● **Exercise**
Would you please restate the data exactly as it stands, apart from the pictures?

● **Data listing**
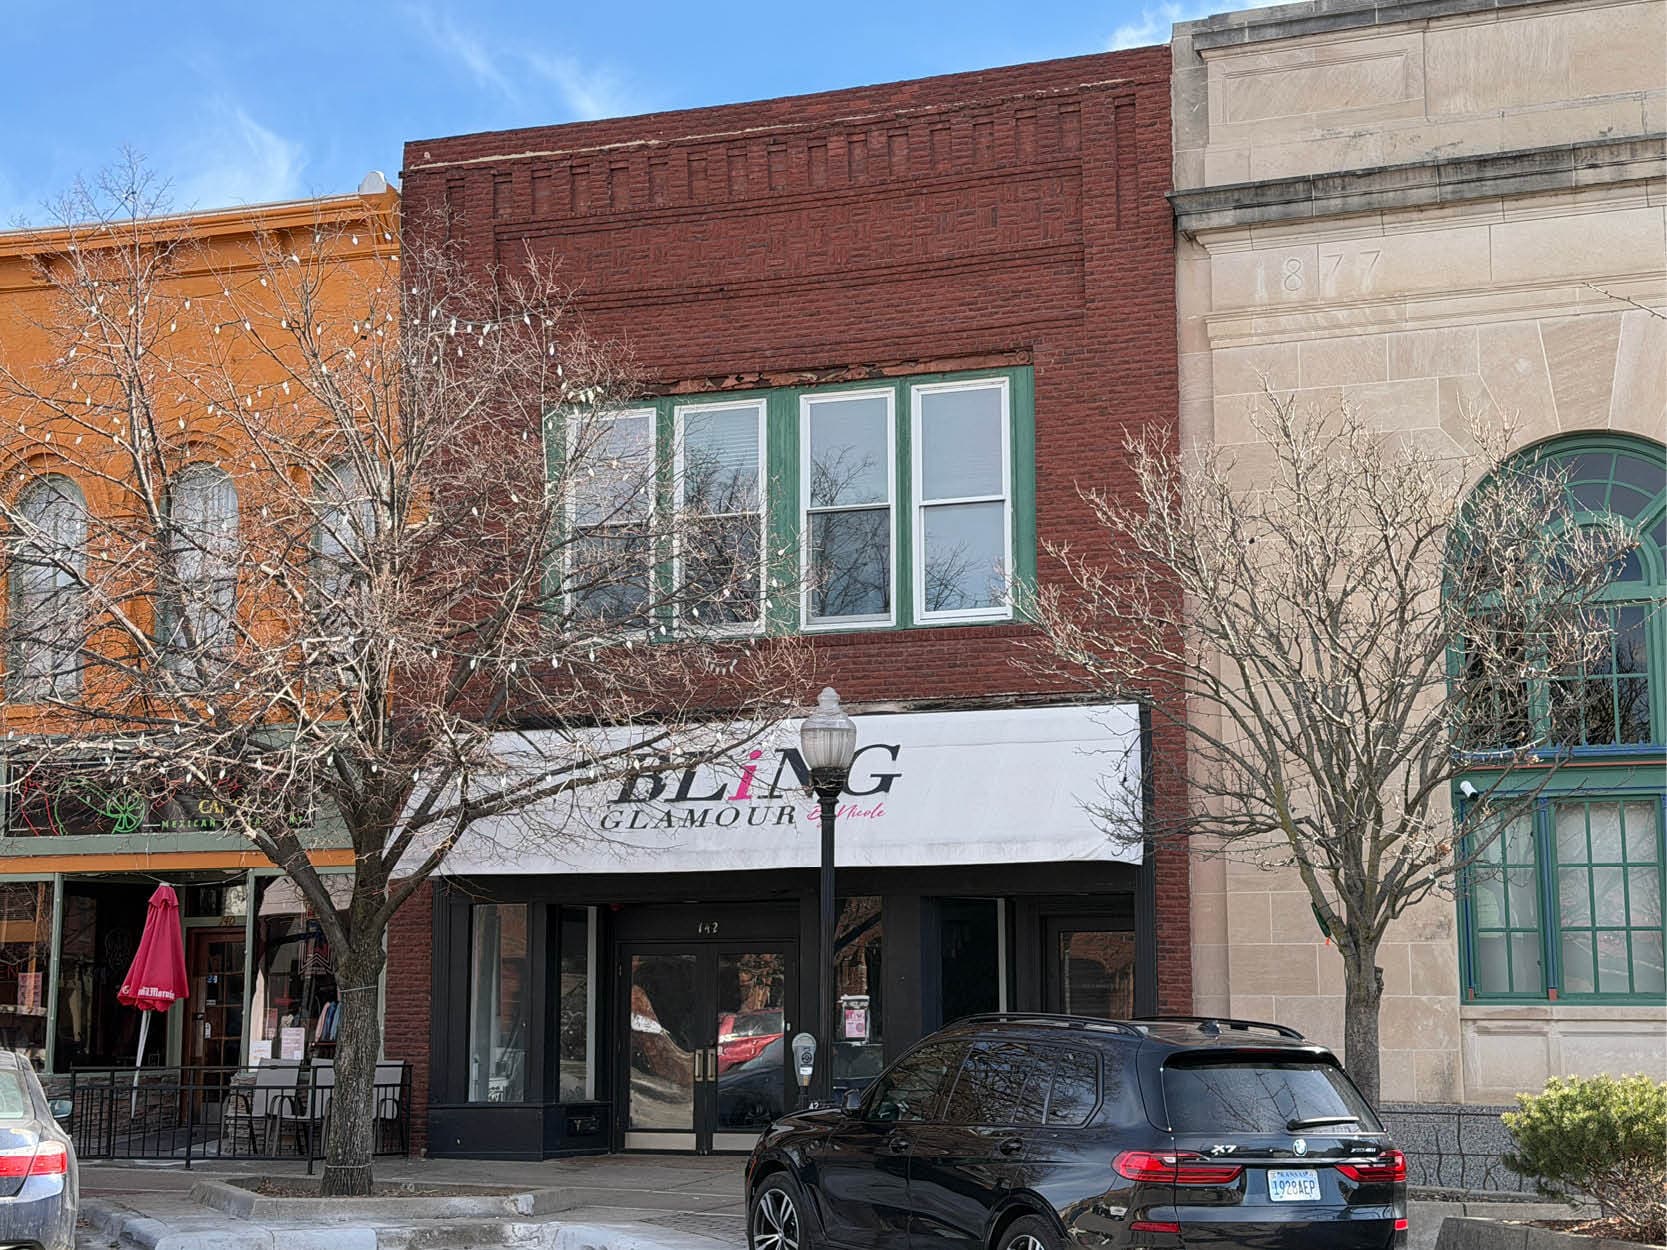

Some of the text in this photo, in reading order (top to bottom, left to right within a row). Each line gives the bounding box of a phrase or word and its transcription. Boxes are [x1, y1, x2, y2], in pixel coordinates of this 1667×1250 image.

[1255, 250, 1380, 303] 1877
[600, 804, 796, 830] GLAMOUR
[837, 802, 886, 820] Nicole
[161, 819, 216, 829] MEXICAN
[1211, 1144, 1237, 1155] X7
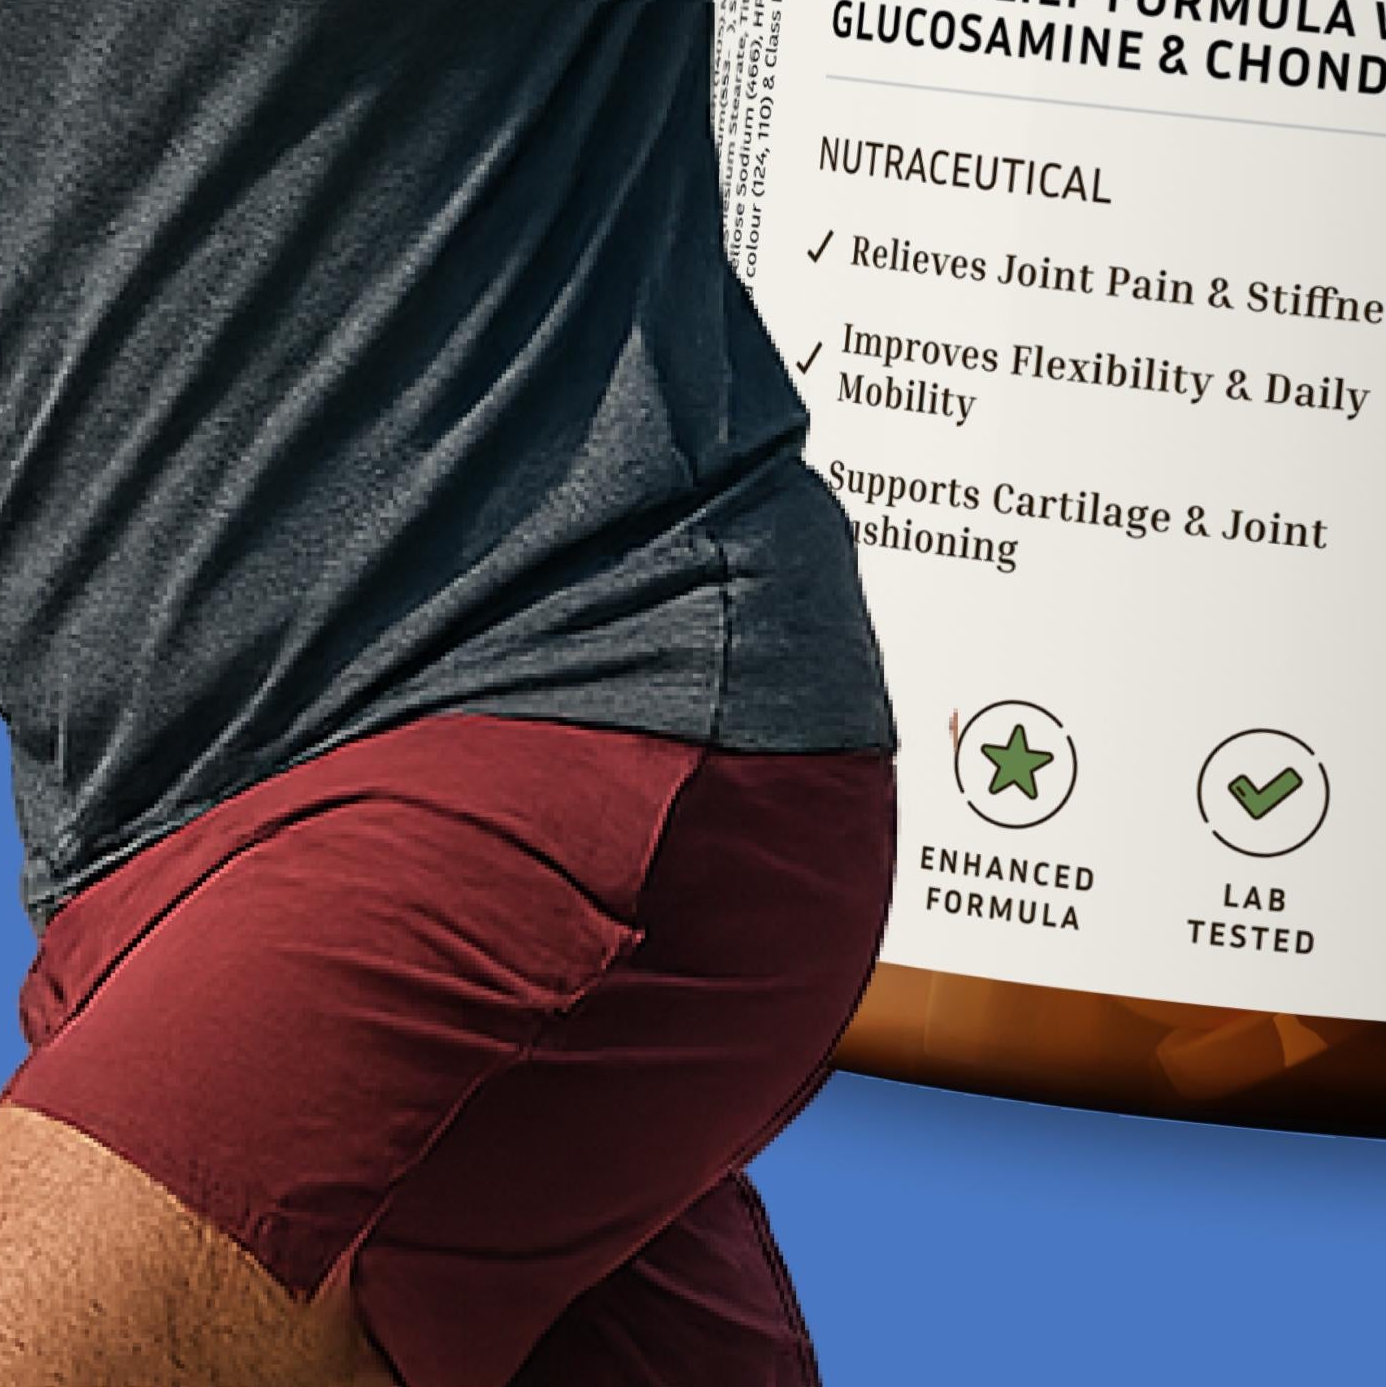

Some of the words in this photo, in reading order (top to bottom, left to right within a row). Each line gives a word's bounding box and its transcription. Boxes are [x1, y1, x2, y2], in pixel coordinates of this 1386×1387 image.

● **Exercise output**
Some of the text in this photo, in reading order (top to bottom, left to right within a row). Each line gives the bounding box of a phrase or word and its transcription. Boxes are [x1, y1, x2, y2], in pixel coordinates of this 1667×1250 image.

[1255, 250, 1380, 303] 1877
[600, 804, 796, 830] GLAMOUR
[837, 802, 886, 820] Nicole
[161, 819, 216, 829] MEXICAN
[1211, 1144, 1237, 1155] X7

Some of the words in this photo, in reading order (top to bottom, left to right within a row). Each line gives a word's bounding box and its transcription. Boxes are [x1, y1, x2, y2], in pixel coordinates of this 1386×1387 image.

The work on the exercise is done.